Only do it if you can handle it and if you really are willing to do this. Don't go into football and get knocked on your ass just because it looks good on paper. Don't go into trivia team if you hate trivia just because it looks good. Do things you enjoy now. These four years go fast.
And be aware, for those of us who are disabled/undiagnosed-but-something's-off, sports can have a big impact on executive functioning, either through physical strain or mental workload. For example, if you have hEDS and are trying out for the cheer squad, make yourself, your parents/guardians, and your coach(es) aware of your condition before you wreck yourself.
P3: Queerness, Dating, And Peer Pressure
Being queer in HS is hard. Dating in HS when you're queer is harder. And peer pressure can affect you in unforeseeable ways.
Know how to say the big word "NO!"
I know. Cheesy. But to get it through your thick heads, NO, don't pick up smoking or vaping or getting stoned just because your friends do it. NO, if you're not comfortable, you don't have to get laid/have sex because "everyone else is." You have your adult years to have all the sex or none of the sex you want.
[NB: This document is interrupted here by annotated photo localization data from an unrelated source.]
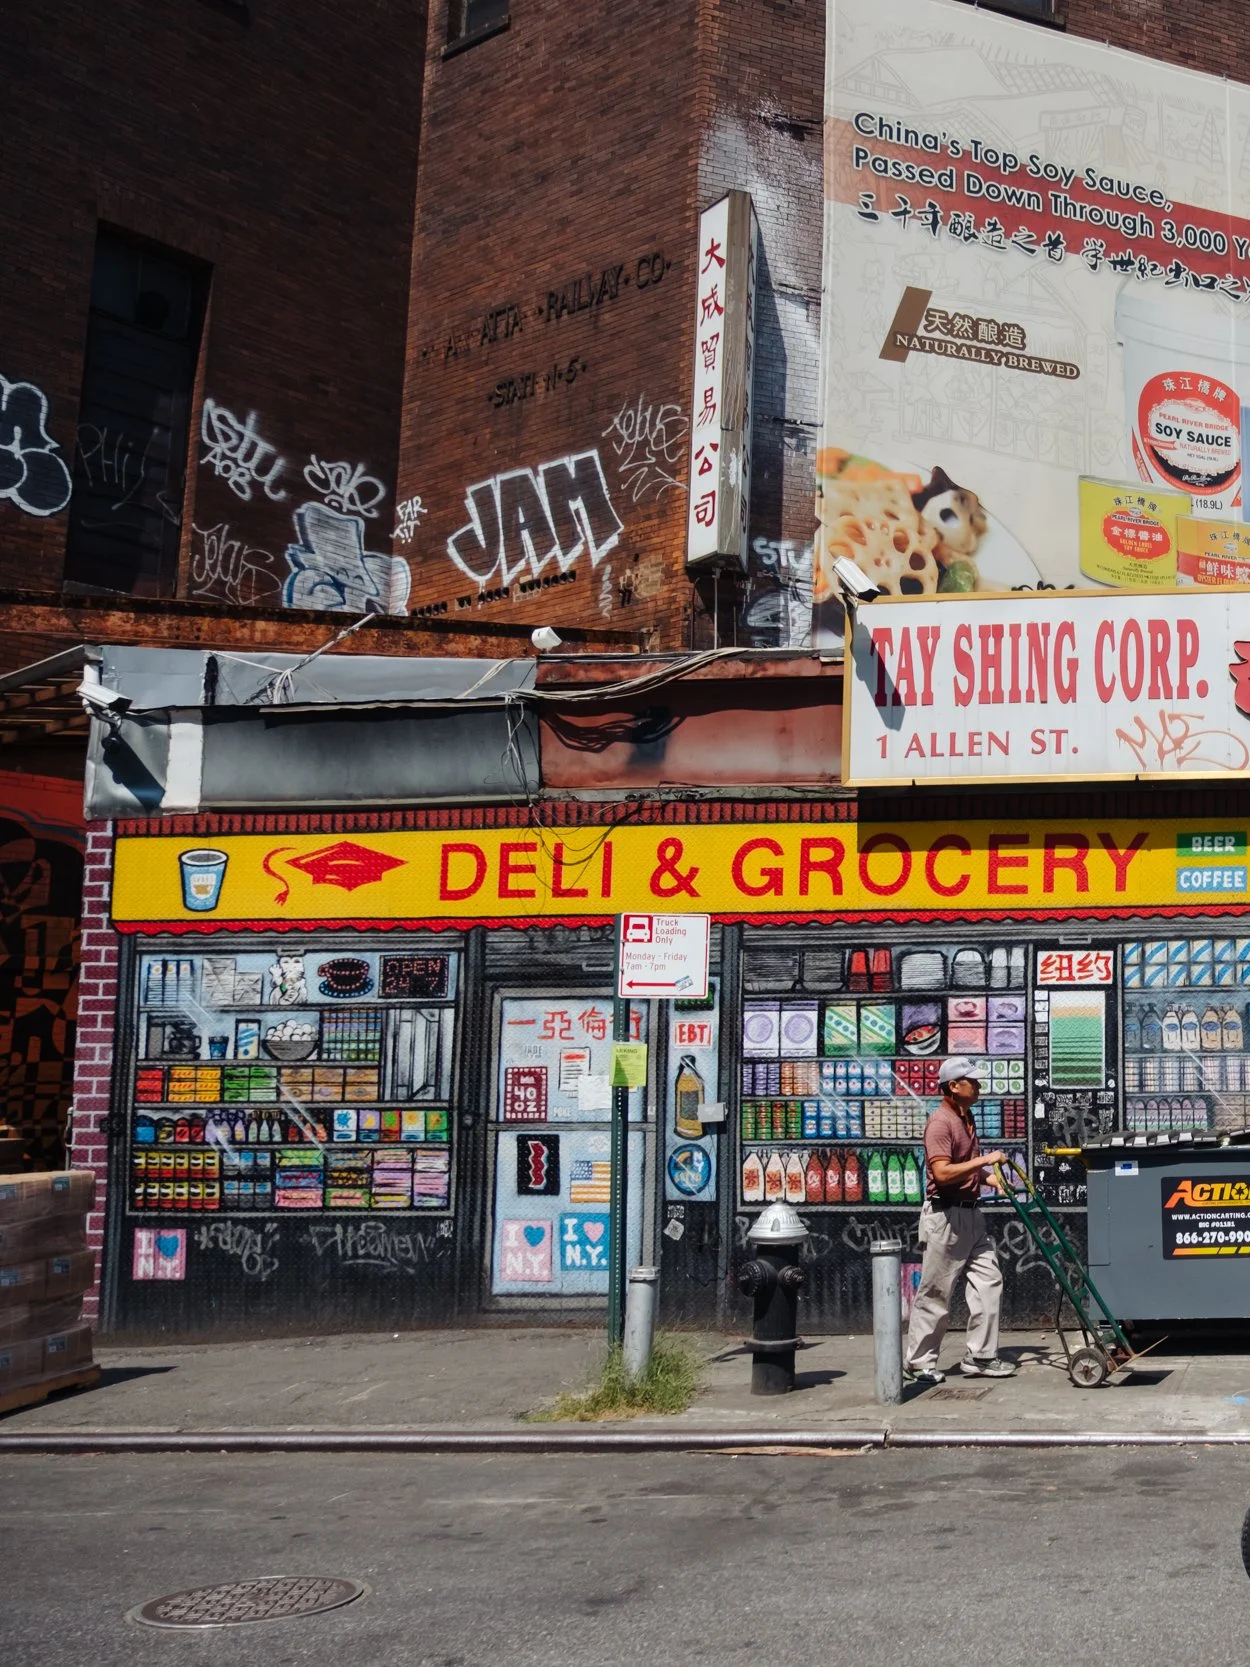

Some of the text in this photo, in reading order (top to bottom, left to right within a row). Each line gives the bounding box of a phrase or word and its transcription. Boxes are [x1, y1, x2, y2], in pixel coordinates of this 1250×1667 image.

[853, 112, 1174, 213] China's Top Soy Sauce,
[854, 146, 955, 191] Passed
[965, 172, 1043, 210] Down
[1050, 193, 1154, 239] Through
[1160, 220, 1227, 255] 3,000
[895, 334, 1078, 378] NATURALLY BREWED
[1158, 412, 1229, 432] PEARL RIVER BRIDGE
[1155, 422, 1182, 440] SOY
[1186, 430, 1231, 448] SAUCE
[1179, 442, 1211, 454] NATURALLY
[1195, 499, 1224, 511] (18.9L)
[446, 448, 625, 588] JAM
[1112, 514, 1160, 527] PEARL RIVER BRIDGE
[1204, 551, 1220, 559] PEARL
[1221, 553, 1237, 561] RIVER
[869, 618, 1210, 709] TAY SHING CORP.
[876, 728, 1079, 759] 1 ALLEN ST.
[1191, 835, 1237, 854] BEER
[440, 832, 1151, 901] DELI & GROCERY
[1179, 868, 1246, 890] COFFEE
[655, 927, 688, 937] Loading
[656, 918, 680, 927] Truck
[655, 935, 674, 946] Only
[386, 960, 442, 976] OPEN
[625, 952, 656, 964] Monday
[663, 952, 688, 963] Friday
[625, 962, 642, 971] 7am
[650, 962, 666, 972] 7pm
[1039, 952, 1113, 982] 纽约
[677, 1022, 708, 1047] EBT
[514, 1086, 537, 1102] 40
[514, 1101, 537, 1112] OZ
[505, 1223, 521, 1247] I
[562, 1217, 579, 1242] I
[137, 1231, 152, 1255] I
[504, 1251, 550, 1278] N.Y.
[565, 1243, 608, 1268] N.Y.
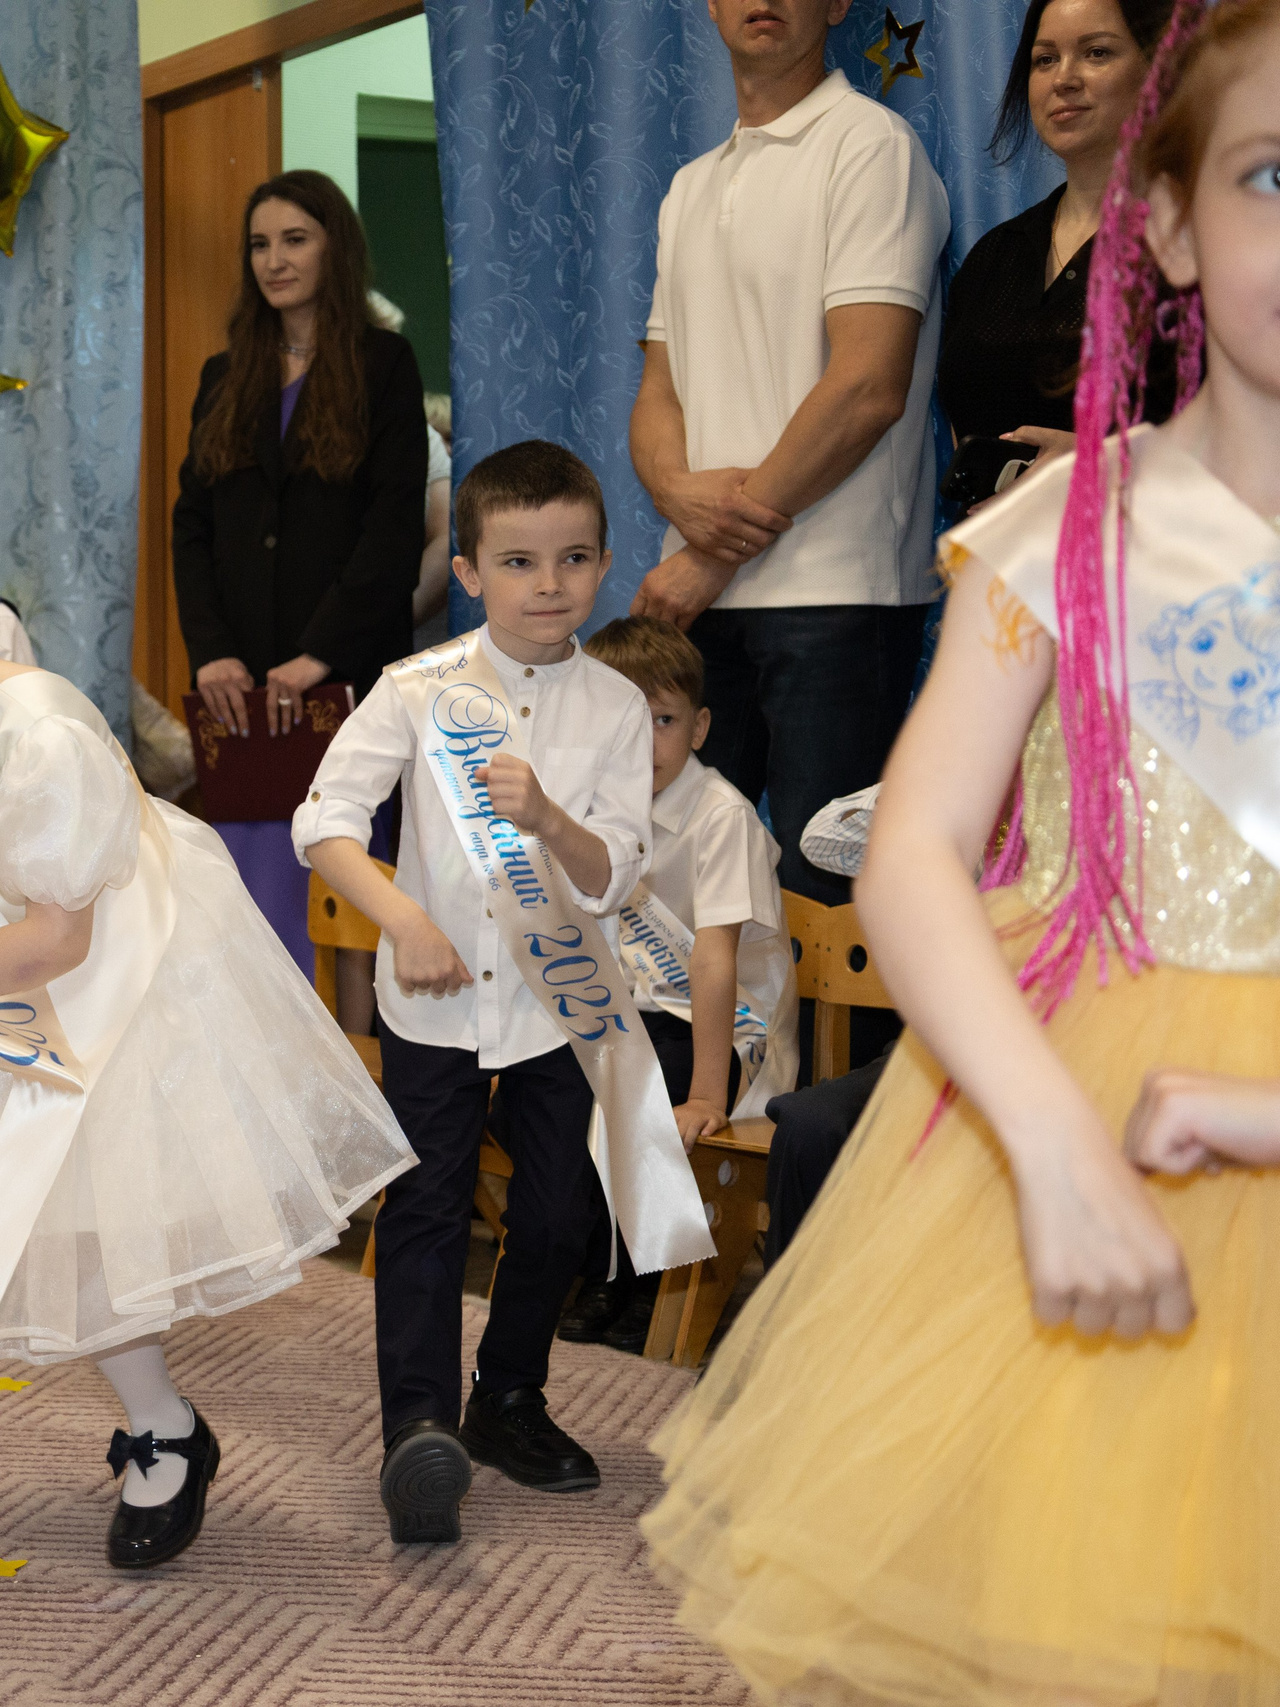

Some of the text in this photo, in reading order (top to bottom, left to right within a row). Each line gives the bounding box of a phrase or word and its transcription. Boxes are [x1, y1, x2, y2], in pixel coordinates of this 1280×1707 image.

Don't do it. Please. I speak from experience.
Even in queer relationships, people can be abusive and manipulative. Know who you can talk to if you're in an abusive relationship
On another note, find queer community where you can. Your school may have a GSA, although they may end up getting nuked. Be a squeaky wheel, or be the backbone of other squeaky wheels. Speak up. Your voice matters, even if no one says so. If you need relationship help and don't have anyone to talk to, you can call, chat, or text here. They're there to help.
Bottom Line: Take no shit, do your best, and give 'em hell, kid.